Truman glanced out the back window. Nobody followed them. "So far so good."
They zig-zagged through the mountains that day, making good time. Jerry wanted to get out of the mountains and back to relativen civilization before it got dark so they wouldn't be stuck in the middle of nowhere.
They found a tiny motel in the town of Black Bear, Wyoming just at sundown. The place looked like it was ready to fall down, but it boasted a state of the art satelite dish which stood in the yard alongside a huge homemades sign: "Satelite TV in all rooms.
"Figures, just so they can get the You-Know-What Show," Truman groaned, looking right at the satelite dish as they piled the baggage out of the van into the room for the night.

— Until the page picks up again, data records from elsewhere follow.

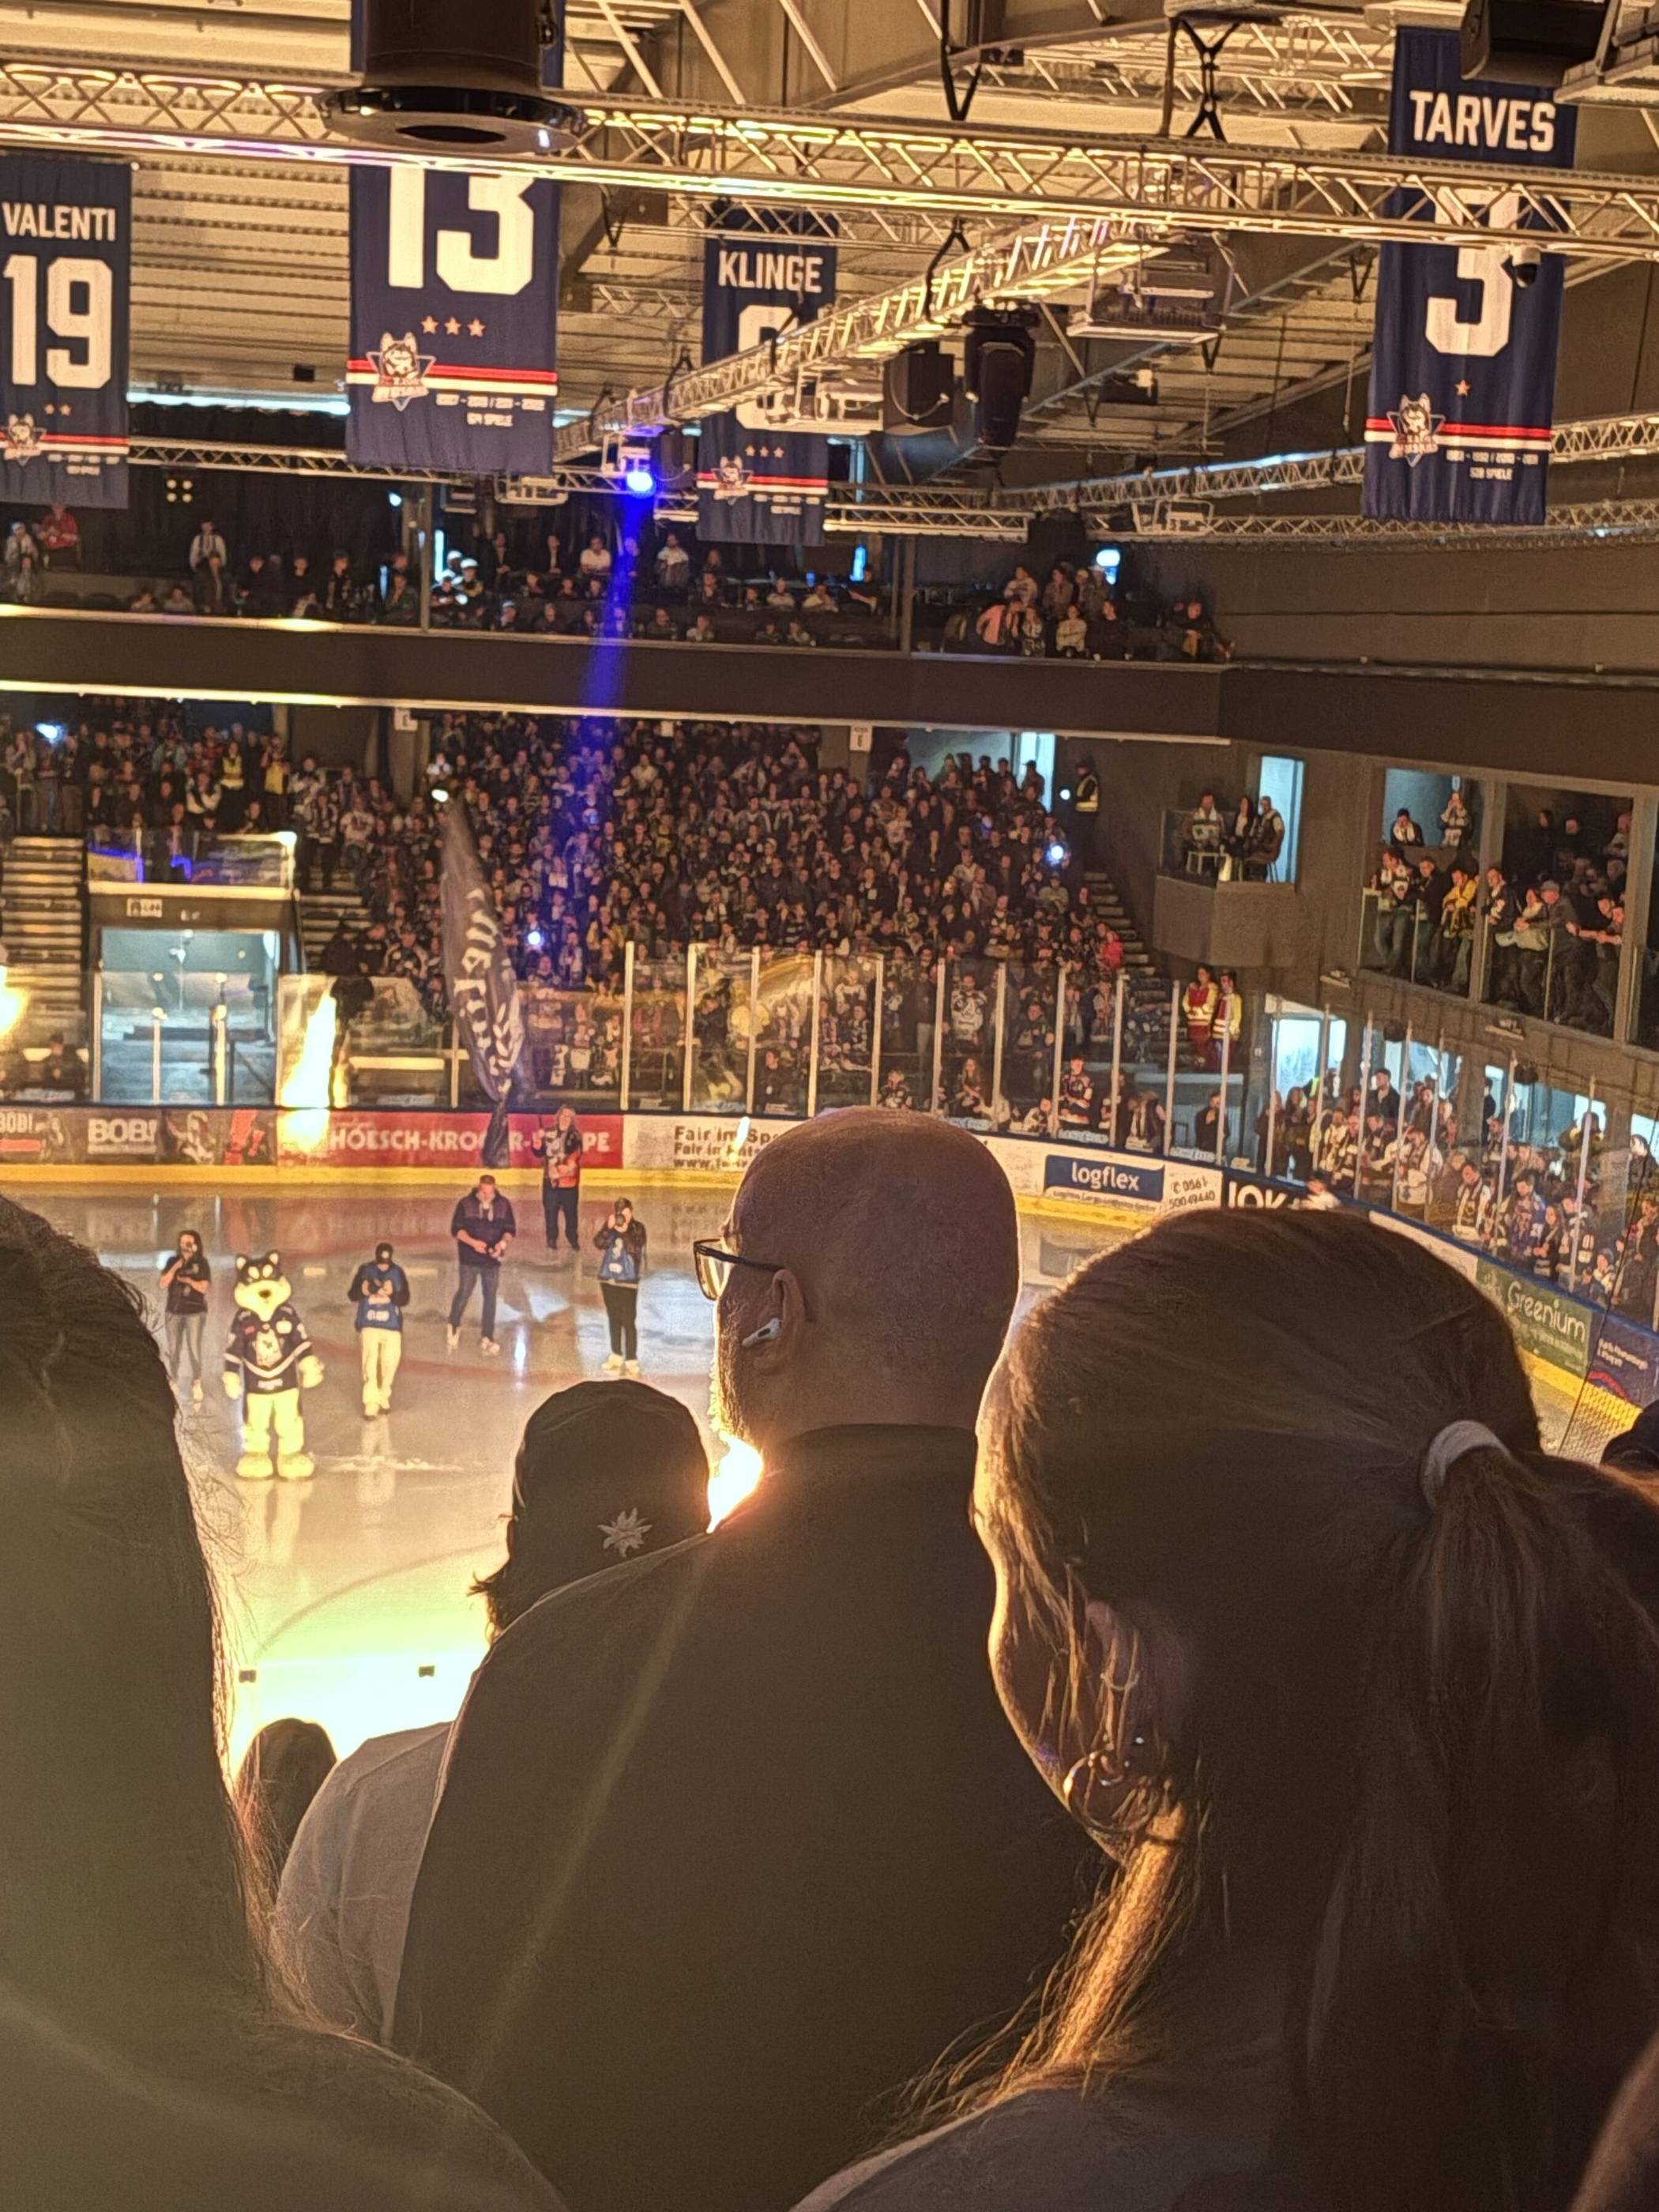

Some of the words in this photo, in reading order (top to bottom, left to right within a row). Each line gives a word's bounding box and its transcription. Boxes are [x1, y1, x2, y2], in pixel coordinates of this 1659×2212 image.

[1409, 90, 1556, 152] TARVES
[2, 201, 115, 242] VALENTI
[389, 166, 534, 295] 13
[718, 250, 823, 294] KLINGE
[3, 254, 113, 389] 19
[88, 1118, 158, 1142] BOB!
[674, 1126, 711, 1141] Fair
[674, 1142, 702, 1155] Fair
[1071, 1161, 1140, 1191] logflex
[1507, 1281, 1585, 1343] Greenium
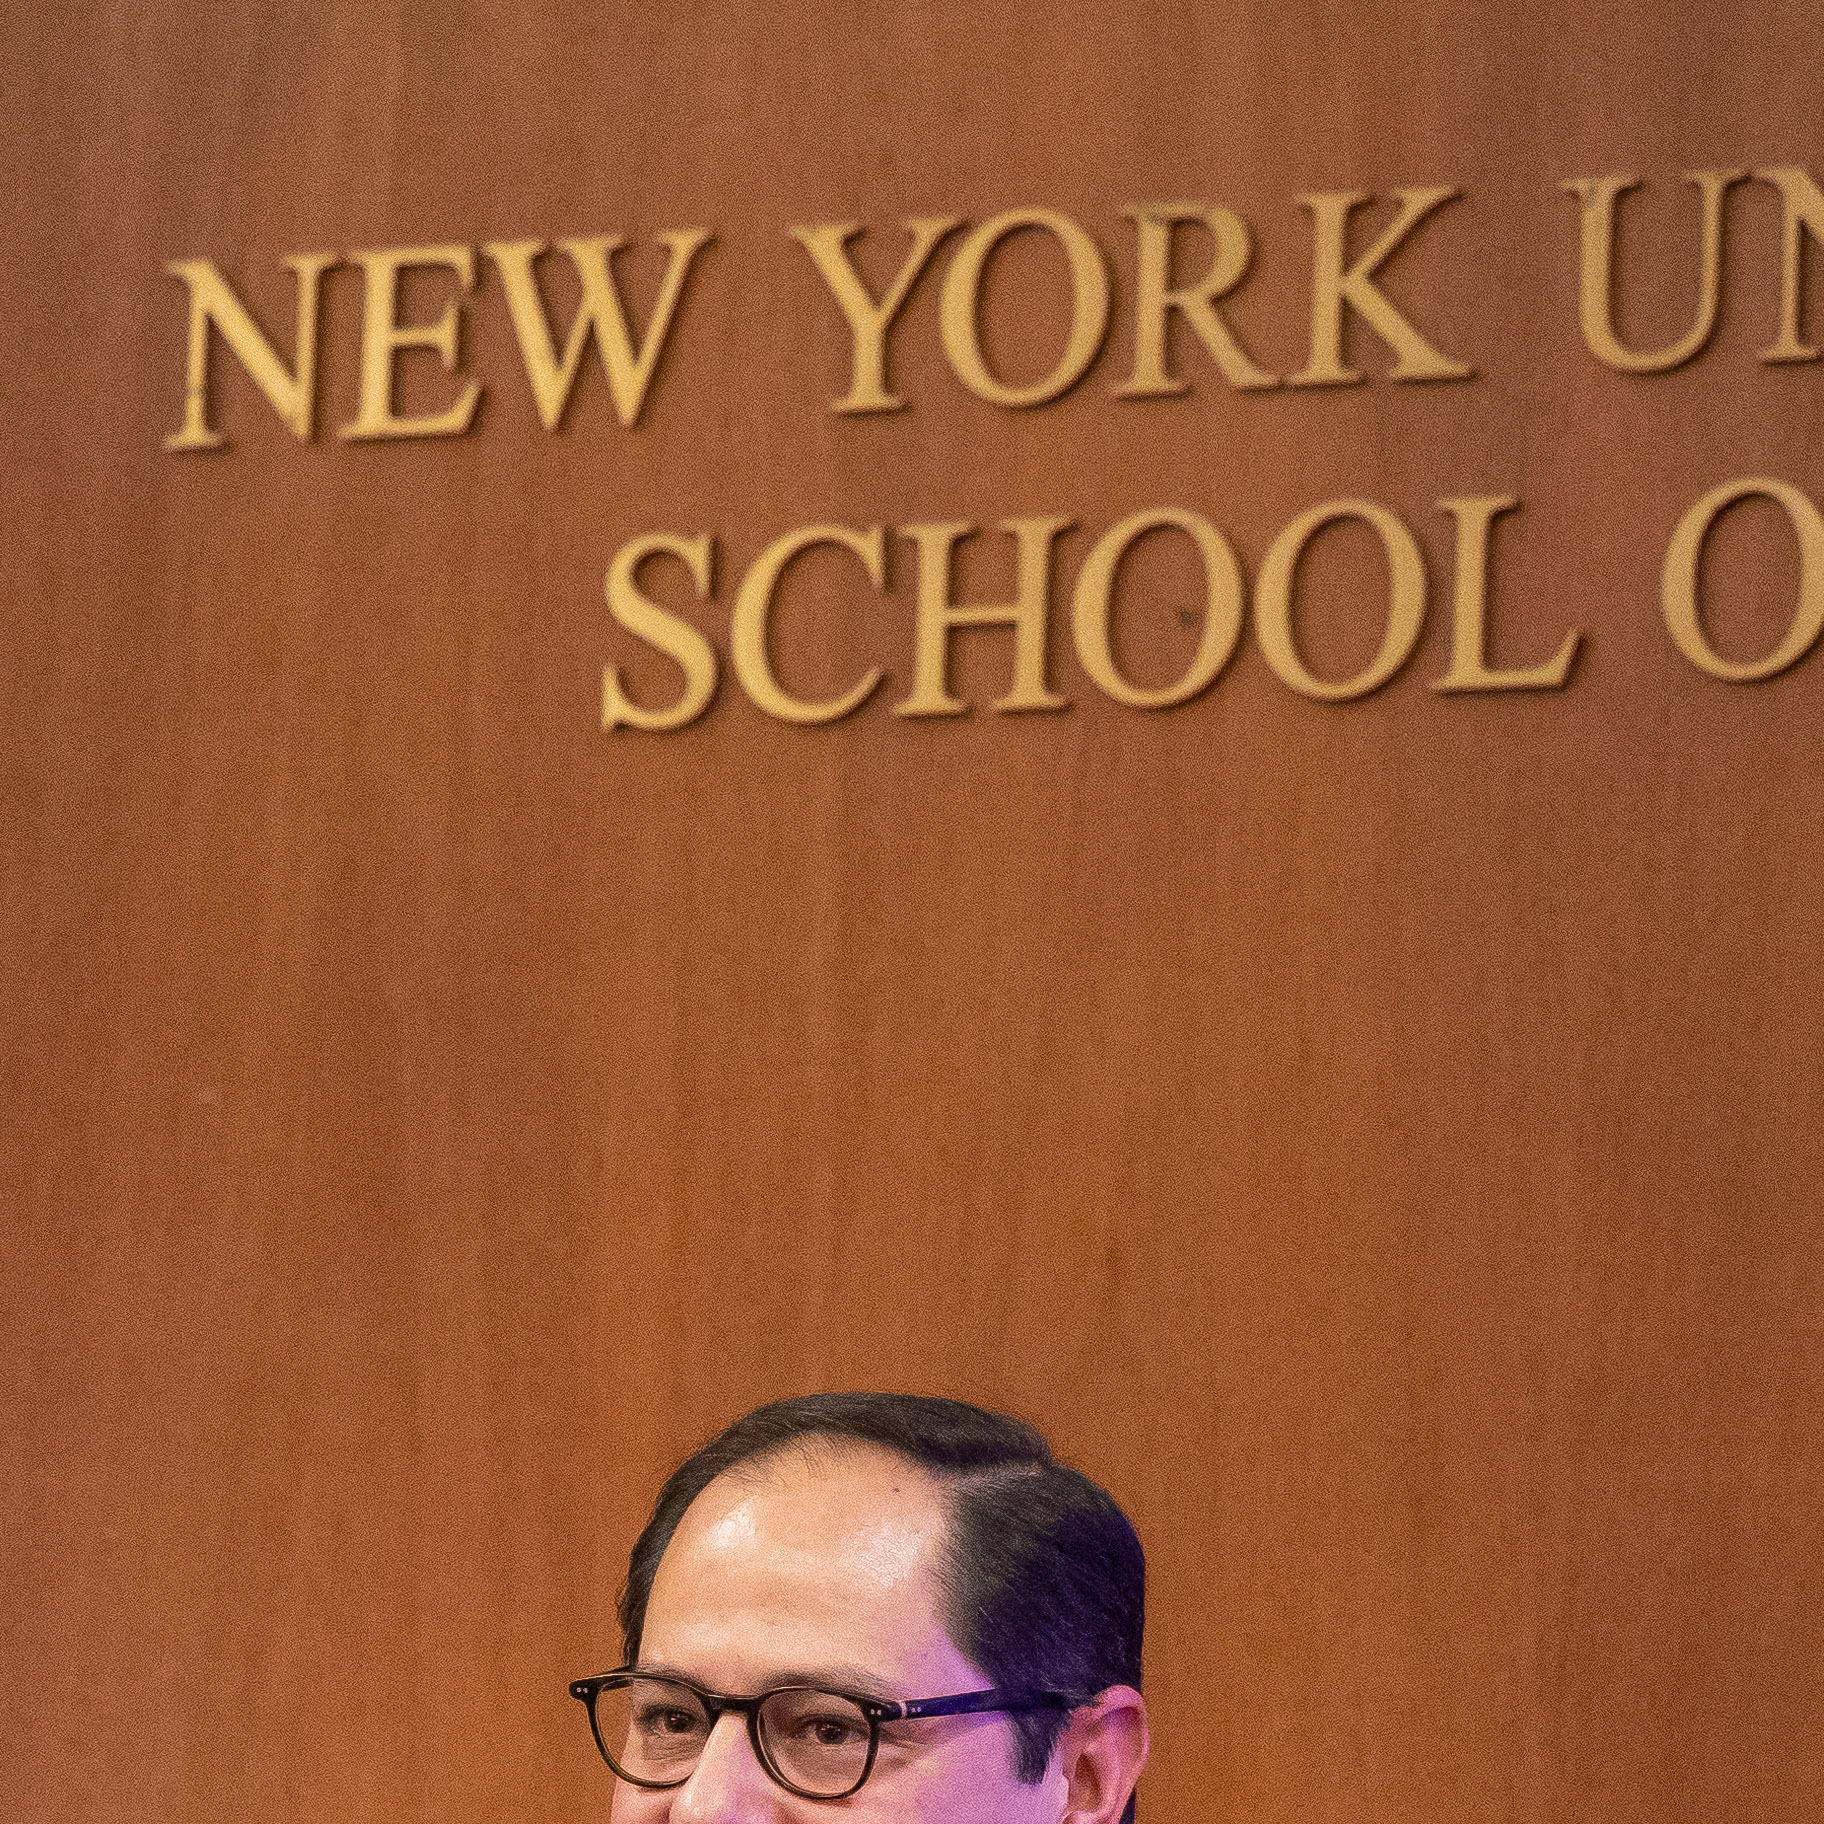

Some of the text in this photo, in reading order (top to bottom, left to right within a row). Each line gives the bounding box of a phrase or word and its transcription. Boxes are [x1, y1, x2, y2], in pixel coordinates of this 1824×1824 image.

Later, after a slightly unsatisfying meal of Chinese takeout and while Sylvia washed some clothes and Jerry stood guard, Truman channel-surfed the TV looking for something decent: Jeopardy! with the Senior Tournament; a sort of Robinson Crusoe kind of show with people getting voted off a desert island; Rocky and Bullwinkle; a HUGE snake swallowing a gazelle; a sci-fi movie with with a strangely capitalized title, which appeared to be about the beta-test of some kind of bizarre computer game using even more bizarre-looking units.
Jerry came in at that point, took one look at the screen and his face went pale under the stubble growing on his cheeks.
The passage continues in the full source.